Em todo o caso, se não se duvida de que o respeito pela inviolabilidade do domicílio constitui "uma condição de integridade da pessoa e a sua protecção deve ser considerada actualmente como um aspecto da protecção da 'dignidade humana'" (mutatis mutandis, assumem-se aqui as reflexões tecidas a propósito da protecção da vida privada por Paulo Mota Pinto, in "A protecção da vida privada e a constituição", Boletim da Faculdade de Direito - BFDUC -, Coimbra, 2000, p. 164), importará igualmente reconhecer que tal direito não pode configurar-se, em absoluto, como um direito de conteúdo ou âmbito material ilimitado em face de outros direitos ou interesses tutelados sub species constitutionis.

Nessa linha e como refere Vieira de Andrade (Os Direitos Fundamentais na Constituição Portuguesa de 1976, 2.ª ed., Coimbra, 2001, p. 79), pode afirmar-se que a "autonomia dos direitos fundamentais como instituto jurídico-constitucional é, afinal, o reflexo da autonomia ética da pessoa, enquanto ser simultaneamente livre e responsável.

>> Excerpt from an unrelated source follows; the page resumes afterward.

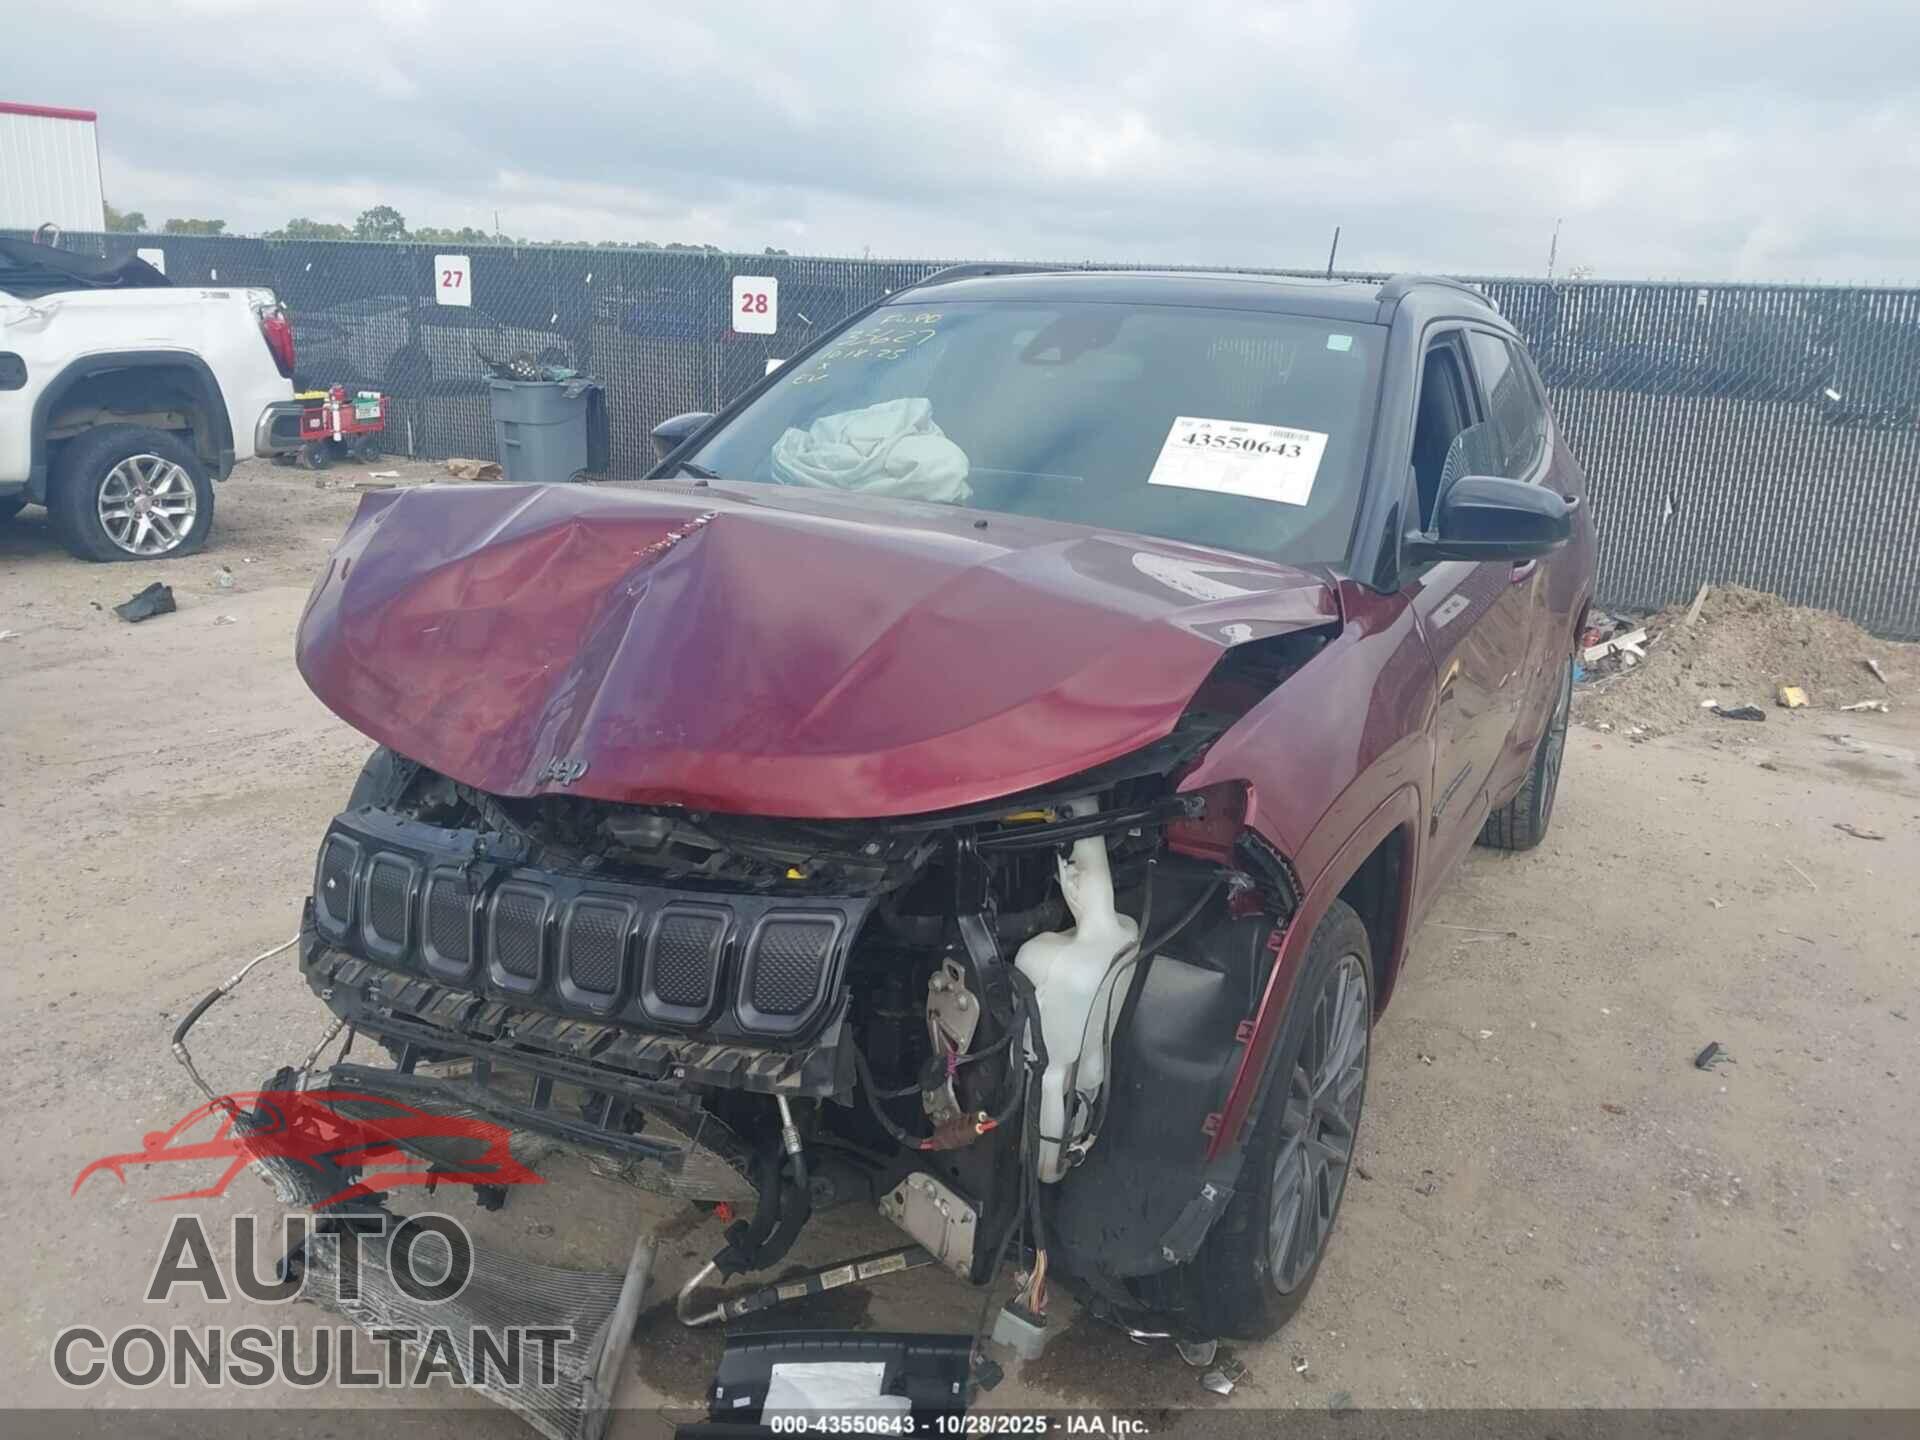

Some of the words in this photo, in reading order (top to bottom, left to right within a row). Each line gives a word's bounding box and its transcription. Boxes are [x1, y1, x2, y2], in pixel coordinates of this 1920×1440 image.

[442, 270, 463, 288] 27
[741, 293, 768, 314] 28
[1181, 432, 1302, 458] 43550643

E, como esta, é ao mesmo tempo irrecusável e limitada. [§] Irrecusável, porque a liberdade dos homens não pode confundir-se com a justiça social ou com a democracia política, nem ser-lhes sacrificada [...] [§] Limitada, porque o homem individual, destinado ou condenado a viver em comunidade, tem também deveres fundamentais de solidariedade para com os outros e para com a sociedade, obrigando-se a respeitar as restrições e as compressões indispensáveis à acomodação dos direitos dos outros e à realização dos valores comunitários, ordenados à felicidade de todos [...]".

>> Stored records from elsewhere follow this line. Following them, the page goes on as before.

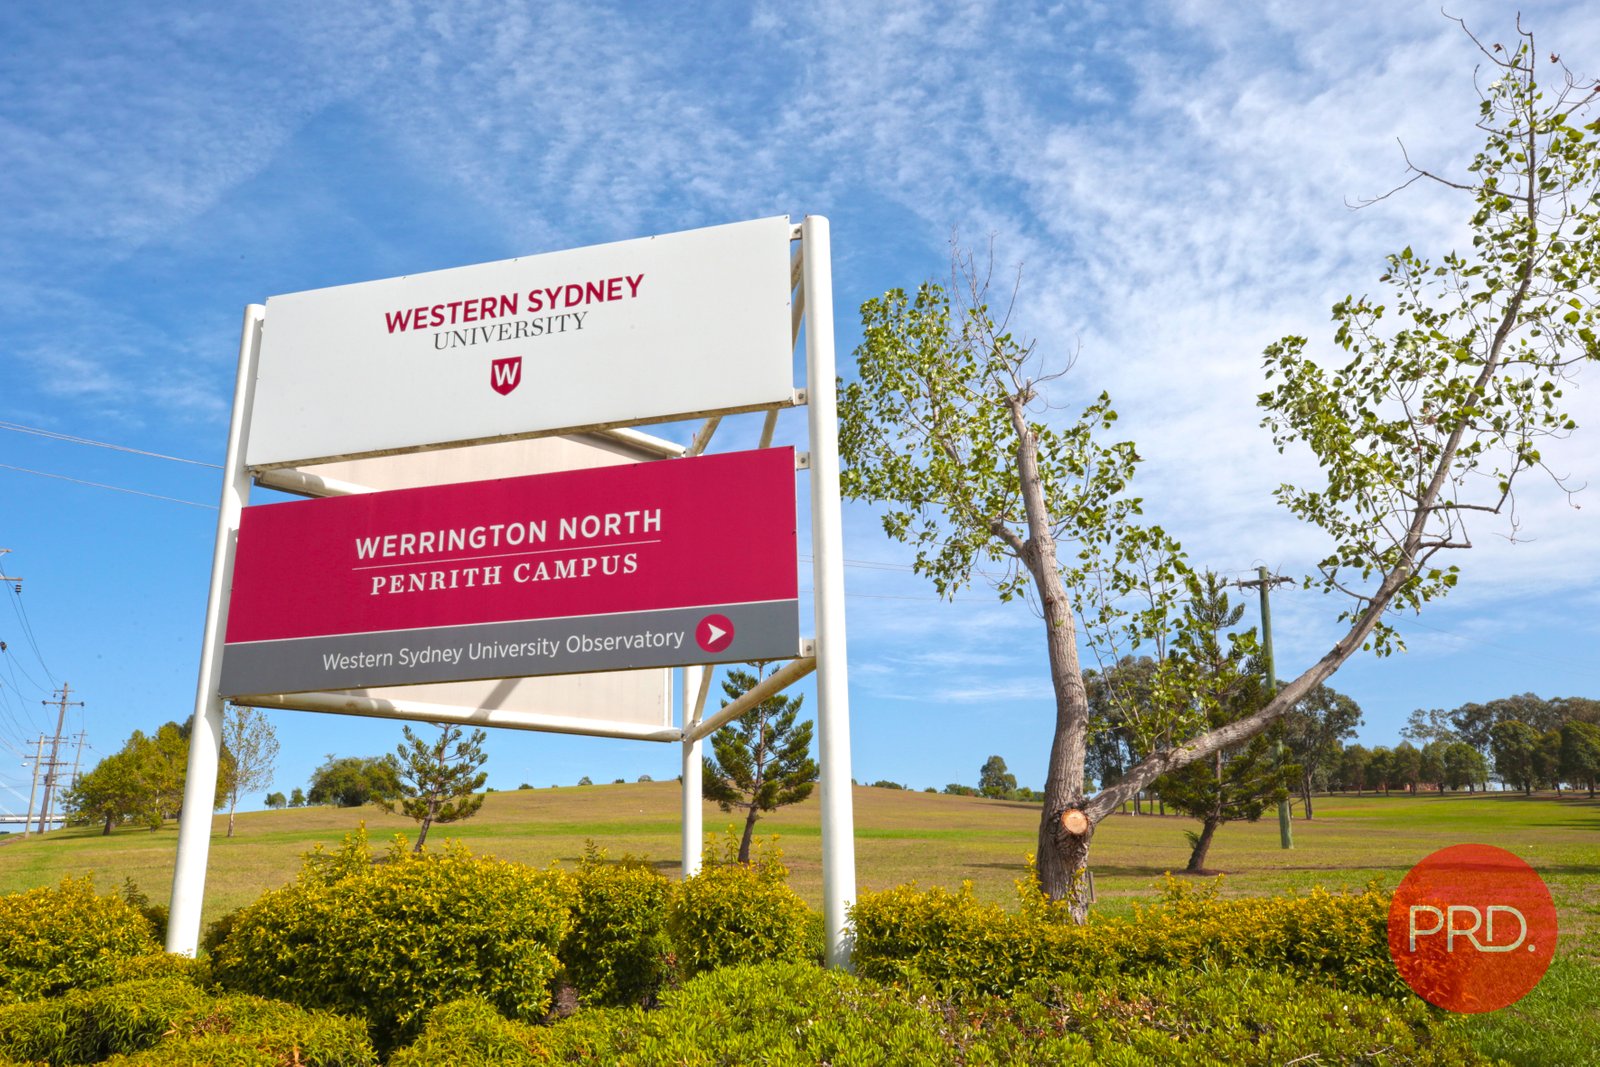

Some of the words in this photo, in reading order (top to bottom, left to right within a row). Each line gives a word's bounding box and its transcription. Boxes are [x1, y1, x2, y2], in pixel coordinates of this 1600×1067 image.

[385, 293, 519, 334] WESTERN
[527, 273, 645, 313] SYDNEY
[434, 311, 588, 350] UNIVERSITY
[355, 517, 548, 560] WERRINGTON
[559, 508, 662, 541] NORTH
[370, 565, 502, 596] PENRITH
[513, 552, 639, 583] CAMPUS
[322, 652, 393, 671] Western
[398, 645, 464, 668] Sydney
[468, 638, 561, 661] University
[566, 630, 685, 654] Observatory

E um reflexo imediato dessa ponderação encontra-se logo nos termos com que a própria Constituição define a tutela da "inviolabilidade do domicílio", autorizando, no n.º 2 do artigo 34.º, a "entrada no domicílio dos cidadãos contra a sua vontade" quando ordenada pela "autoridade judicial competente, nos casos e segundo as formas previstos na lei", e, no n.º 3 do mesmo preceito, que "em situação de flagrante delito ou mediante autorização judicial em casos de criminalidade especialmente violenta ou altamente organizada, incluindo o terrorismo e o tráfico de pessoas, de armas e de estupefacientes, nos termos previstos na lei", o acesso não consentido ao domicílio de uma pessoa possa ser realizado mesmo durante a noite.

Do mesmo passo, ainda em idêntico plano, importará também acentuar que a própria Constituição, no artigo 32.º, n.º 8, apenas sanciona com nulidade as provas obtidas mediante intromissão na vida privada que deva ser considerada abusiva.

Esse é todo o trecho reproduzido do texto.